Queen Elizabeth Hospital, Woolwich
Queen Elizabeth Hospital on Woolwich Common issued black alerts for nine of the first 10 working days of 2020

Queen Elizabeth Hospital in Woolwich has been under serious pressure for nine out of the first 10 working days of 2020, one of its senior managers told Greenwich councillors on Thursday night.

Kelly Lewis-Towler, its divisional director of operations, spoke of the “phenomenal” pressure on the hospital as she and Ben Travis, the chief executive of Lewisham and Greenwich NHS Trust, spoke to the council’s health scrutiny panel.

The hospital on Woolwich Common has been on “level black” for most working days this year, she told councillors. “Level black” is part of an internal escalation system which is less urgent than Opel Level 4 – also known as a “black alert” – which is the most serious alert in the NHS. (An earlier version of this story had the hospital on black alerts rather than “level black” – apologies.)

Travis told councillors that the trust, which also runs Lewisham Hospital, faced a “challenging” budget situation, and it had been asked to save four per cent on its spending next year.

Asked by the panel’s chair, Mark James, to outline how many days the hospital had been on level black so far this year, Lewis-Towler said: “Just in the last two weeks, nine working days out of 10. Almost every day. The pressure has been absolutely phenomenal.”

Travis added: “One of the real risks is that normally, you expect a cycle, you sign up to it being incredibly busy in December, January, February and March, and the rest of the time is that it waxes and wanes a bit but it’s generally less pressurised.

“This last year, we didn’t have eight months where it came down a notch, it’s been at full pelt all the way through. So we are really aware of the challenges in terms of burnout and just being able to keep going.”

When a member of the public spoke to voice fears that the relentless pressure on staff and facilities was making the hospital dangerous, Travis said: “Even when we’ve got people [waiting for a bed] in the public corridor, we’ve very rigorously-enforced protocols around people going in and checking on people. We are confident that we are getting the basics right in terms of safety in these very challenging circumstances.”

Travis and Lewis-Towler explained to councillors how teams from the hospital, local clinical commissioning groups and Bexley and Greenwich councils’ social care teams were working together to try to ease problems when the hospital was under pressure.

He said that staff from all around the hospital were alerted to the situation by screen savers on their computers. “It might come across as a bit dramatic, but actually, it’s been incredibly successful in mobilising everyone across the site.”

Travis said that patients having to wait in a hospital corridor was a “red line”, adding that use of the corridor had dropped thanks to better working across the hospital to free space.

But he added: “We often have 40 patients who we’ve decided need to be admitted to hospital, but there isn’t a bed, so they’ll be waiting somewhere inappropriate.”

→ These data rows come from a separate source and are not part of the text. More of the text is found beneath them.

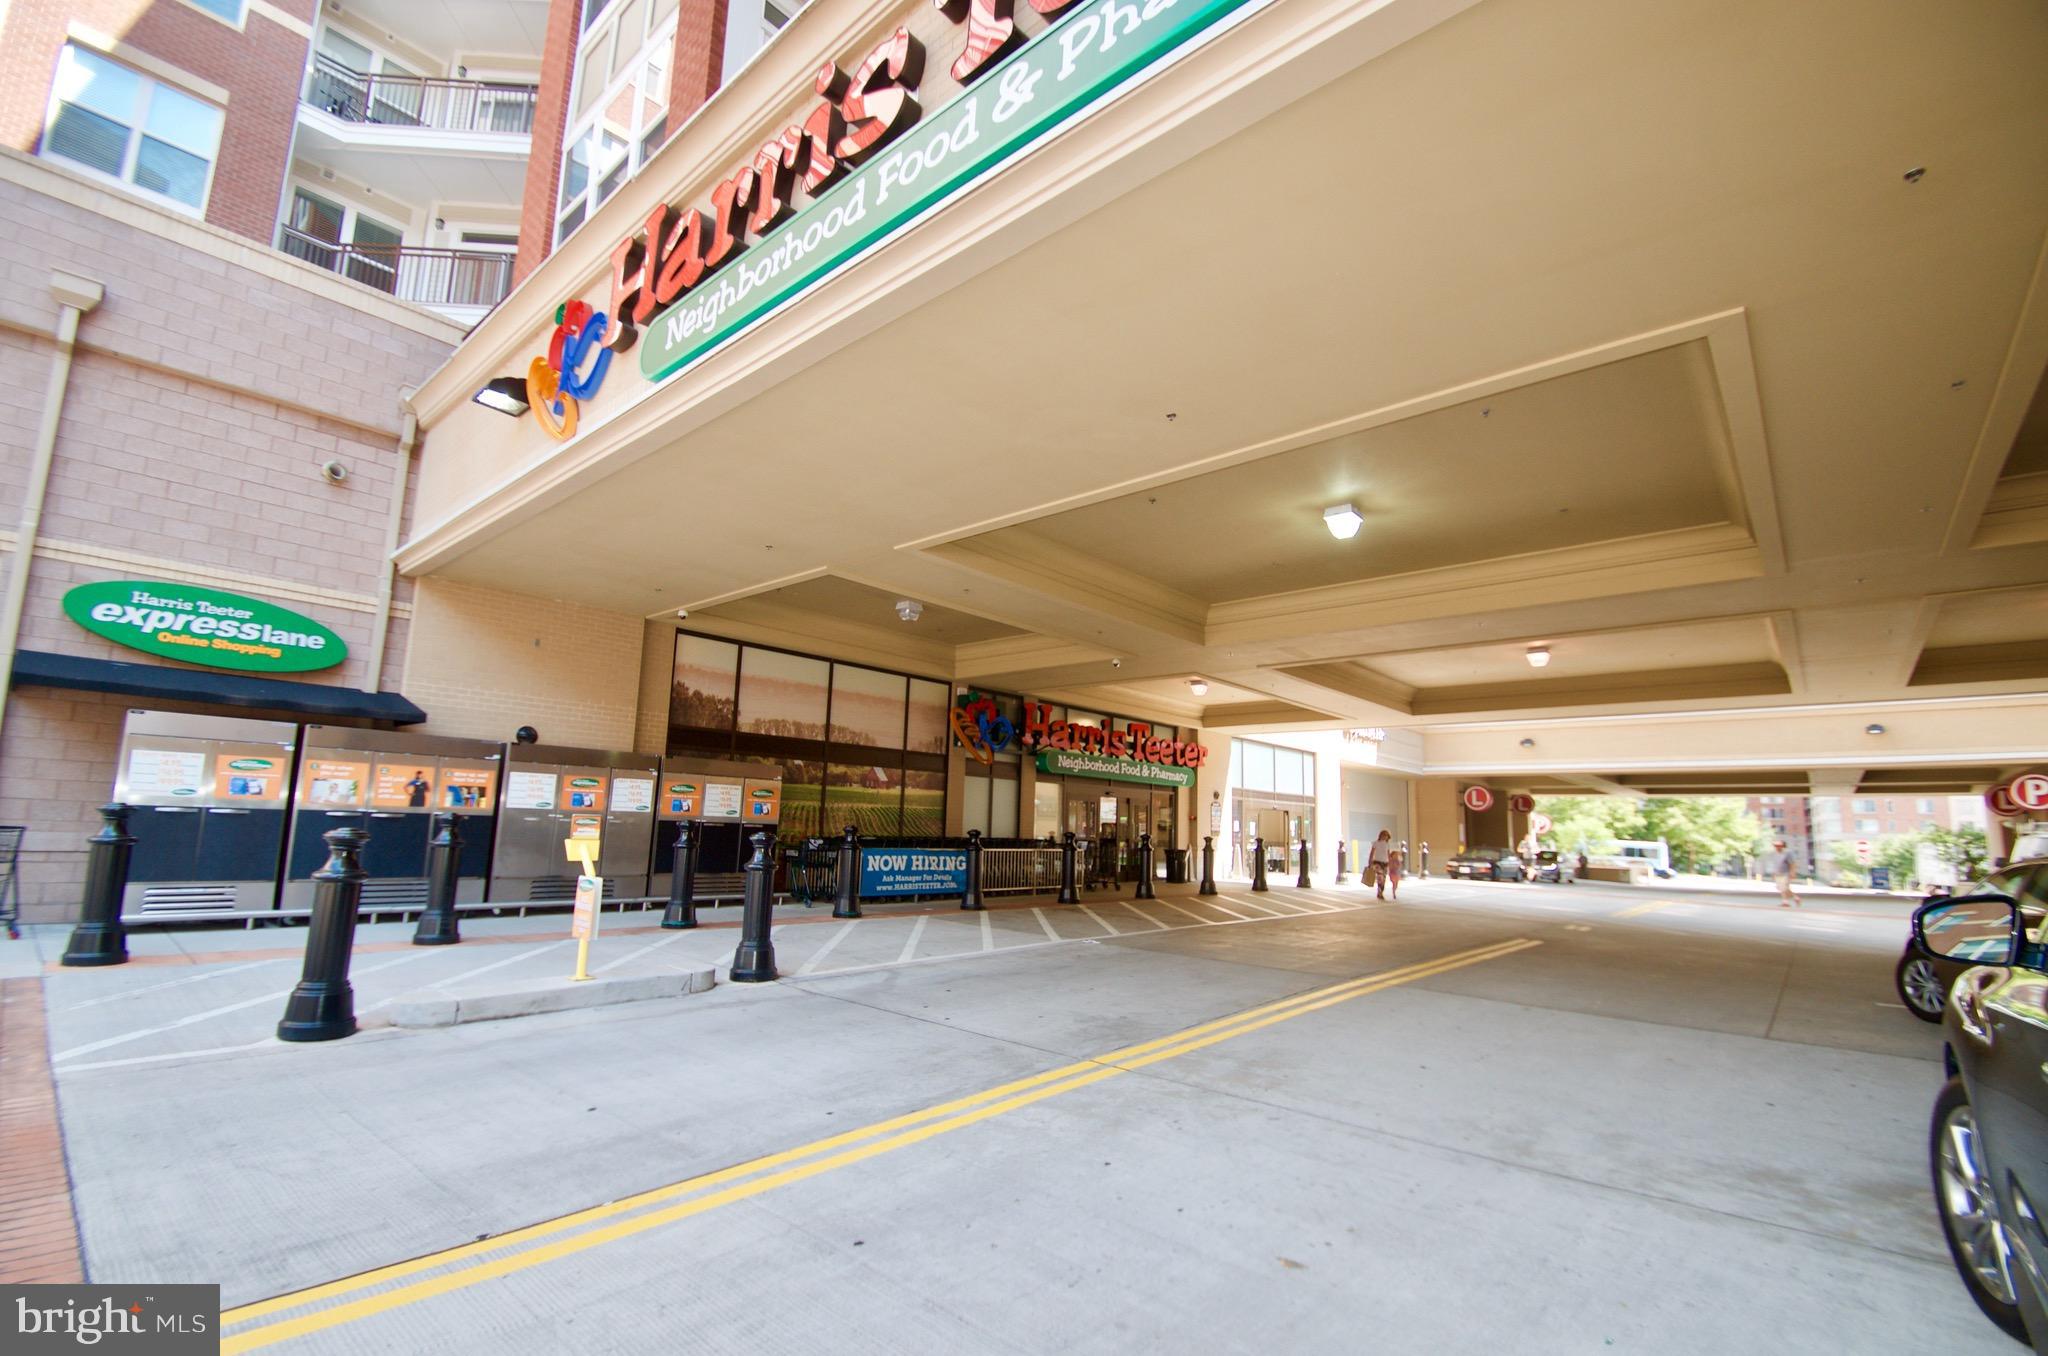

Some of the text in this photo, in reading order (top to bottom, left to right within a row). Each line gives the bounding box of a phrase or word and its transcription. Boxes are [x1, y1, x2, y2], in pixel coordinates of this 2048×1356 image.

[600, 25, 912, 350] Harris
[665, 177, 868, 350] Neighborhood
[876, 97, 980, 206] Food
[992, 60, 1043, 123] &
[131, 590, 254, 619] Harris Teeter
[157, 631, 282, 659] Online Shopping
[1021, 702, 1209, 768] Harris Teeter
[1058, 755, 1189, 783] Neighborhood Food & Pharmacy
[1471, 789, 1484, 806] L
[2024, 779, 2048, 805] P
[866, 855, 967, 872] NOW HIRING
[882, 874, 894, 882] Ask
[895, 874, 922, 883] Manager

Lack of capacity was a running theme of the session, and not just in terms of Greenwich borough’s fast-growing population. The hospital was opened in 2001 to serve Greenwich borough, however, with the reduction in services at Queen Mary’s Hospital in Sidcup, 40% of its patients now come from the borough of Bexley.

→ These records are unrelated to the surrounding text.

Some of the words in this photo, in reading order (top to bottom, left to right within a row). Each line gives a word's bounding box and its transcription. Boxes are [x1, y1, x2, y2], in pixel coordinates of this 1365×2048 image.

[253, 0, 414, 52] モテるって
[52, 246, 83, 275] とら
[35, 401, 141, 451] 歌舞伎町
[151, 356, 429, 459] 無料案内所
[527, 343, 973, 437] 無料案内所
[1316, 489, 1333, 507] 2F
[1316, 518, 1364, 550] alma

In addition, the notorious private finance initiative deal which created the hospital has left it with power and water supply problems. Despite this, Travis said the hospital was hoping to have a plan to develop the site by the summer.

“There’s now a national conversation within the NHS that we might need some beds,” he added. “There’s always been a sense that we needed to improve our processes, but for the first time, before Christmas, I heard Simon Stevens, the head of the NHS, say we need more beds. So we need to do some work about that and think about what that means for our site.”

Travis said the trust had a target to keep its deficit down to £43 million, and that if it could hit that, it would get more funding that would take the deficit down to £15 million – but it was “touch and go” whether it would reach that target by the end of the financial year. However, he added: “It is dependent on each quarter, so we already have three-quarters of it.”

The trust has been asked to deliver savings of four per cent next year, which he said was “a very big ask indeed”. “It’s difficult, but it’s a similar ask for colleagues across the region.” He said that if the target was hit, extra funding would be released and the trust would break even for the first time.

Asked by Labour councillor Mariam Lolovar if this would mean cuts, Travis said the trust would aim to reduce the use of temporary staff, make their operating theatres more productive, and attempt to reduce the number of patients who do attend appointment. “And on any given day, there are about 100 people in hospital who shouldn’t be there,” he added.

“It makes me nervous, if you look nationally, there aren’t many organisations nationally who can deliver more than two per cent. It’s a big challenge but we’ll do the best we can.”

Greenwich Council does not video scrutiny sessions. However, selected parts of the Lewisham and Greenwich NHS Trust session, including on other topics not mentioned in this story, can be seen on this Vimeo playlist.